Tsipras considerou que, com o compromisso alcançado em Bruxelas, o país terá «deixado para trás a austeridade, o memorando, a troika (Comissão Europeia, Banco Central Europeu e Fundo Monetário Internacional)» e que, assim sendo, a Grécia atingiu o seu «objetivo principal».

Uma ideia em que o primeiro-ministro helénico insistiu, ao acrescentar que o Governo que lidera obteve «um grande sucesso», mas que abre «um caminho longo e difícil».

«Herdámos um país à beira da falência, com os cofres vazios, mas frustrámos o plano das forças cegas conservadoras, dentro e fora do país, que queriam sufocar-nos», realçou.

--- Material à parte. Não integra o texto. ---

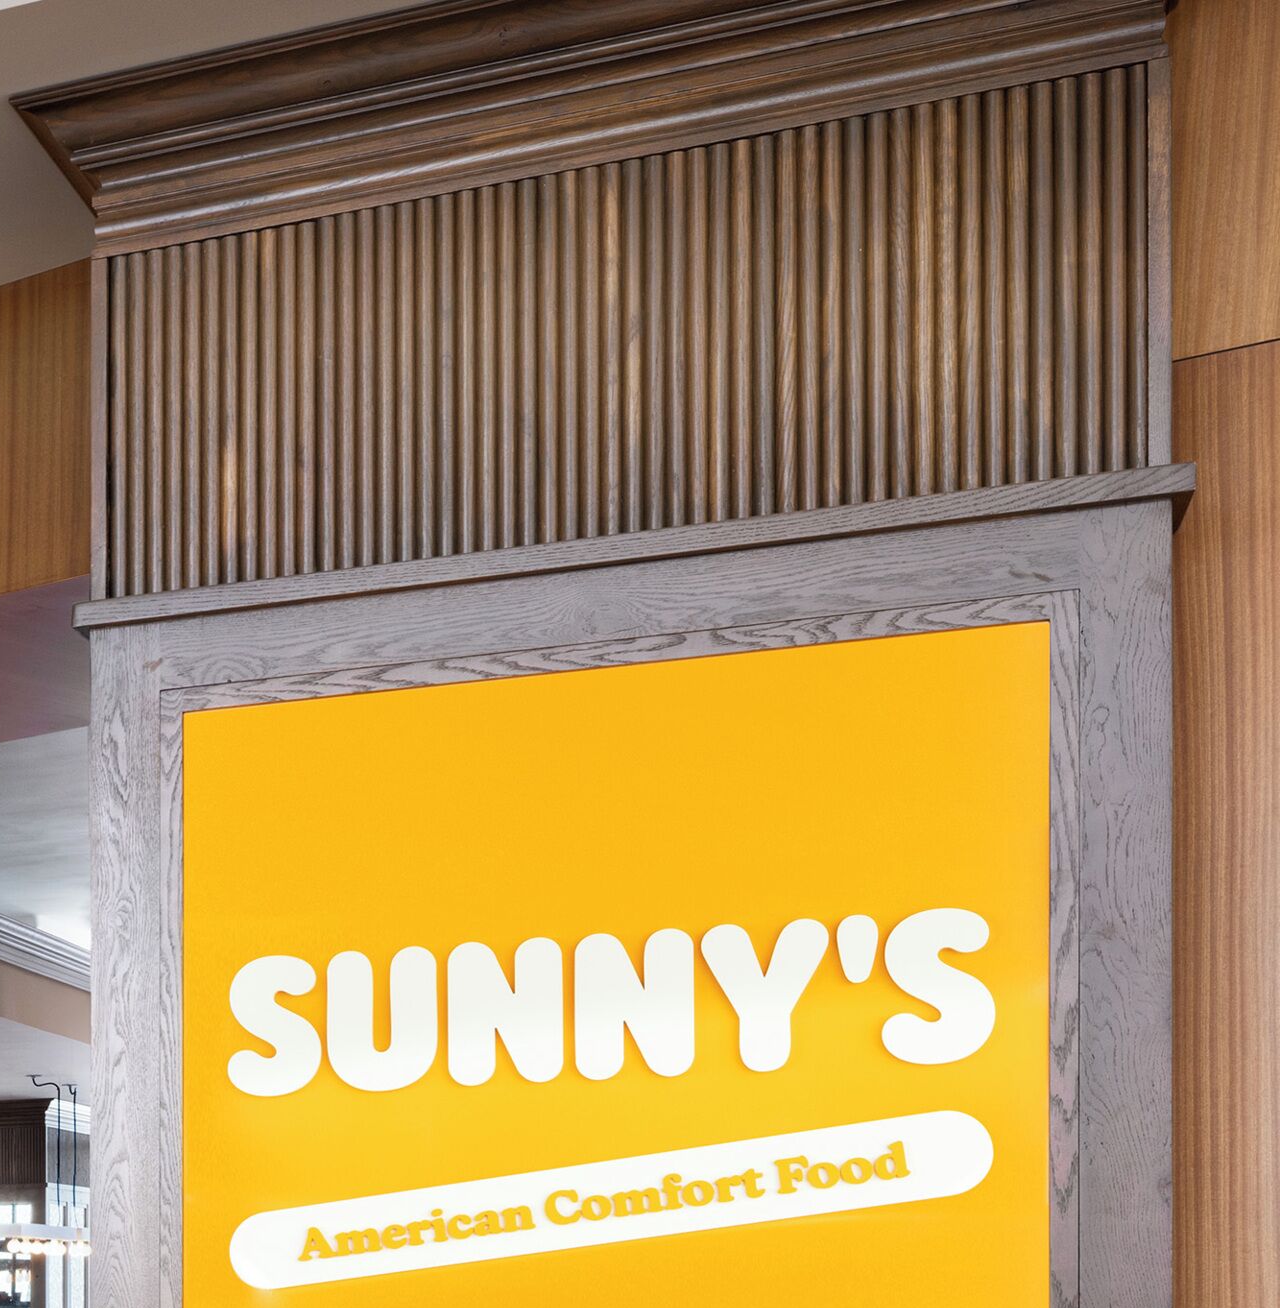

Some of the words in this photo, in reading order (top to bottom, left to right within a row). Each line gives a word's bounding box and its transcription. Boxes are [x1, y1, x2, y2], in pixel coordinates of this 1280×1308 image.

[227, 907, 996, 1096] SUNNY'S
[297, 1204, 534, 1262] American
[544, 1168, 764, 1226] Comfort
[776, 1142, 910, 1194] Food

Segundo Tsipras, «a luta longa e difícil» tem agora um outro «horizonte» negocial, que é o mês de junho, quando o acordo extra de financiamento alcançado na sexta-feira expira e a Grécia vai avançar com o seu próprio plano de desenvolvimento.

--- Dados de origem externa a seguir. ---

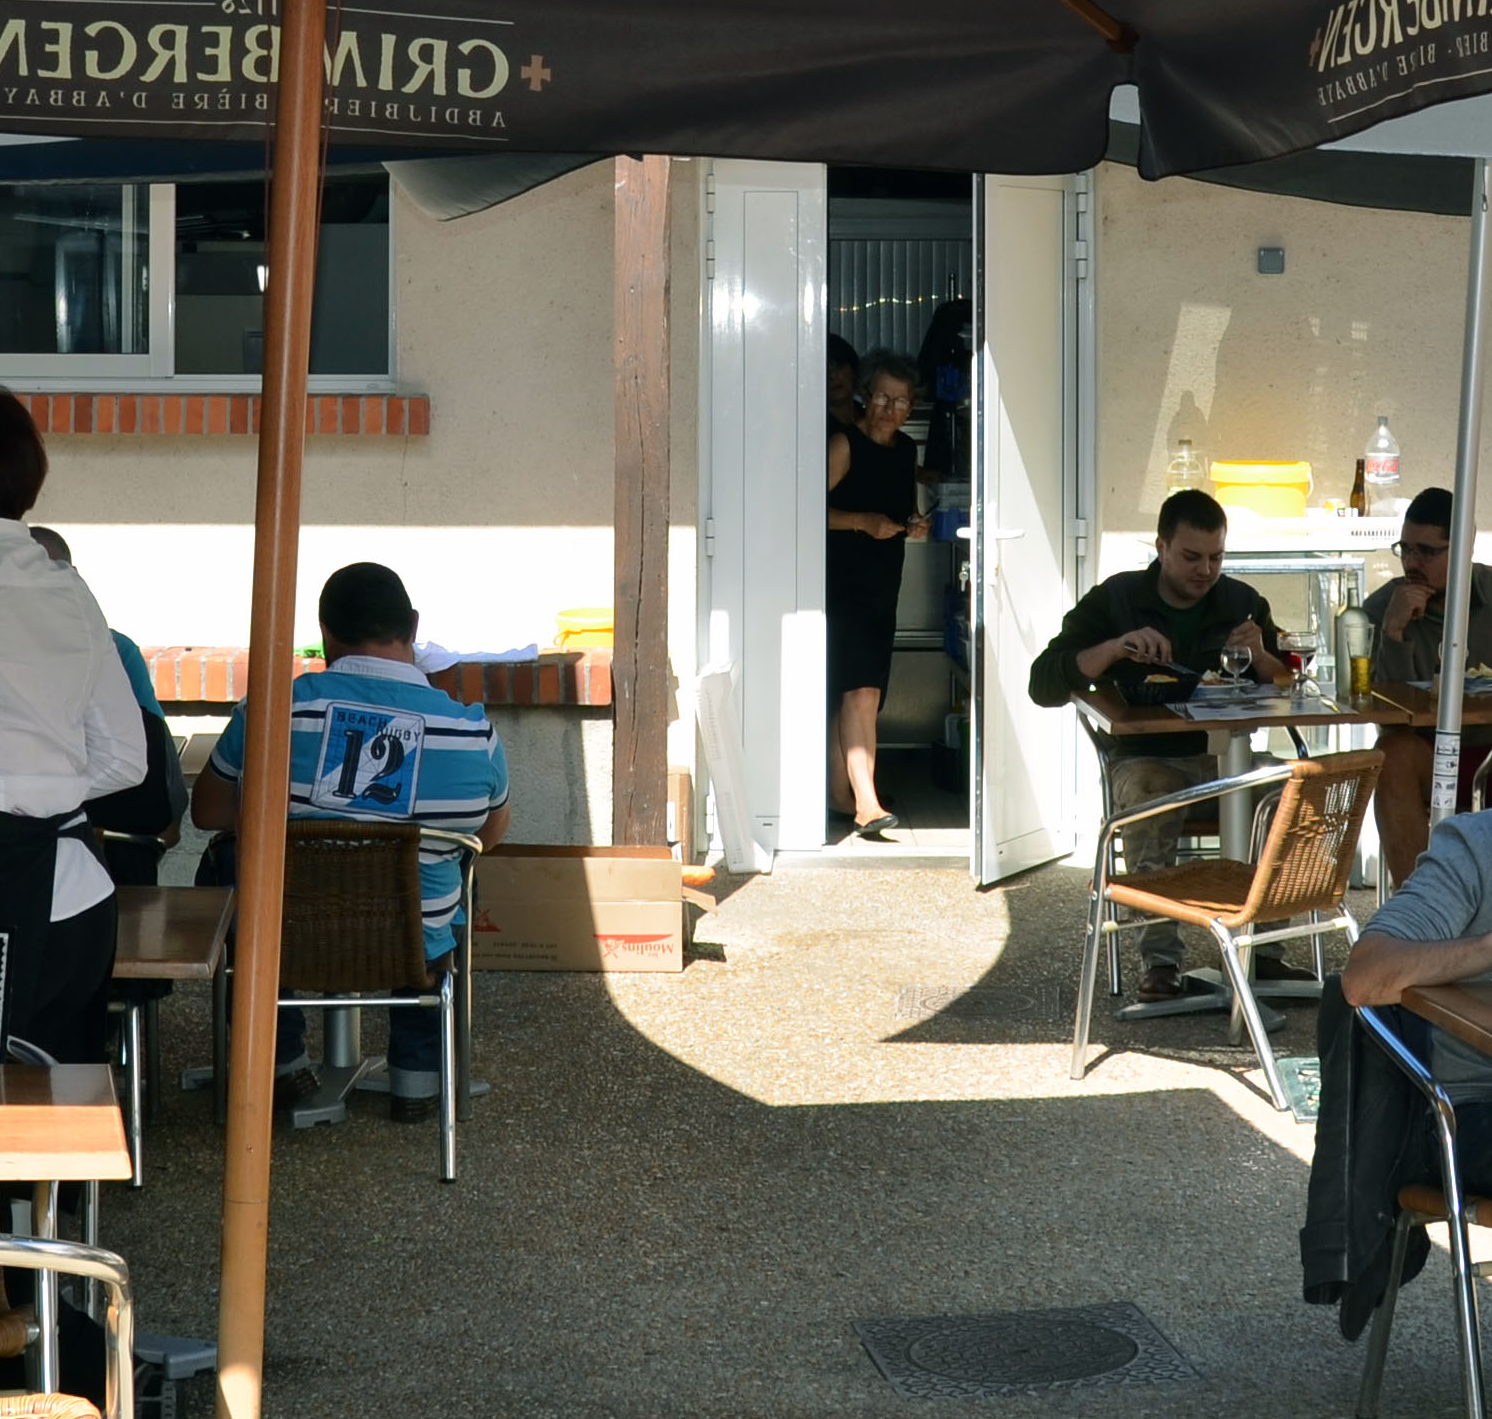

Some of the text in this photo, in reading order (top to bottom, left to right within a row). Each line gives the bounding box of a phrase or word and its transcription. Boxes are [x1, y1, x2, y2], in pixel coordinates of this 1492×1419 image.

[337, 711, 388, 728] BEACH
[377, 725, 421, 741] RUGBY
[332, 729, 405, 805] 12
[621, 943, 674, 955] Moulins

O compromisso alcançado em Bruxelas na sexta-feira à noite, depois de duras negociações, «dá tempo» à Grécia, assinalou o líder do Syriza. O Governo grego tem, no entanto, que apresentar até segunda-feira aos seus credores uma lista específica de reformas para que o acordo alcançado com os parceiros europeus seja ratificado.

O acordo alcançado permitiu ao Governo grego evitar o descalabro financeiro que se previa com uma corrida aos depósitos e restrição aos levantamentos no multibanco, O «tempo» conseguido por Atenas permite aos gregos respirar e elaborar medidas próprias de austeridade e não aquelas a que estavam obrigados no memorando de entendimento, mas, ainda assim, não afasta o país de futuros cortes. A «listas das reformas», como lhe chamou Lagarde, deve ser apresentada já na segunda-feira. Até lá, a Europa também ganha tempo, pelo menos dois dias em que o cenário de uma saída grega do euro não é equacionado.